What Are the Health Benefits of Yoga?

Yoga is a mindful movement practice that originates from India. It includes meditation, as well as a combination of positions, strengthening, and breathing exercises. The practice focuses on reconnecting the participant with their mind and body and is regarded as a form of physical, mental, and spiritual development.

Alongside this, yoga encourages the adoption of several lifestyle habits such as moderation in diet and abstinence from smoking and alcohol. This multi-dimensional aspect of yoga has extended to not only the maintenance of health but also the prevention of disease.

Among the health benefits, the practice of yoga has been linked to several health benefits that include decreasing chronic pain, stabilization of blood pressure, and stress reduction.
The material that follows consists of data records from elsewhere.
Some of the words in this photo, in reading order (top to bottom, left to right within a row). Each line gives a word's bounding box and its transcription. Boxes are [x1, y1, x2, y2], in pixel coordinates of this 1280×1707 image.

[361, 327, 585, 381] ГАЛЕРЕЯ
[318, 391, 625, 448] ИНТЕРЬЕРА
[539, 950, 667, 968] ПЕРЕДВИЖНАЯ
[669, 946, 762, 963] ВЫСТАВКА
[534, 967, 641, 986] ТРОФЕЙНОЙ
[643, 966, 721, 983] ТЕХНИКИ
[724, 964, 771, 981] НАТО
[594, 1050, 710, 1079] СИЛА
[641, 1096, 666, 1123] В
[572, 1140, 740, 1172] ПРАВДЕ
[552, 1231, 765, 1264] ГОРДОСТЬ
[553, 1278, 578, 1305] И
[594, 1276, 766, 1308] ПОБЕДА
Supportive data also suggest that yoga improves, strength, flexibility, breathing, balance, spine and mental health, and blood flow.

What yoga does to your body and brain - Krishna Sudhir

The effect of yoga on pain

Yoga has also been shown to be helpful for pain conditions. In a systematic review of yoga interventions, nine of 10 randomized controlled trials suggested that yoga leads to a significantly greater reduction in pain compared to the control interventions compared (standard care, self-care, therapeutic exercises, touch, and manipulation, or no intervention).

Yoga for the prevention of cardiovascular disease

Yoga has also been associated with improvements in several cardiovascular risk factors. The cardioprotective effects of yoga are believed to be mediated through stress reduction.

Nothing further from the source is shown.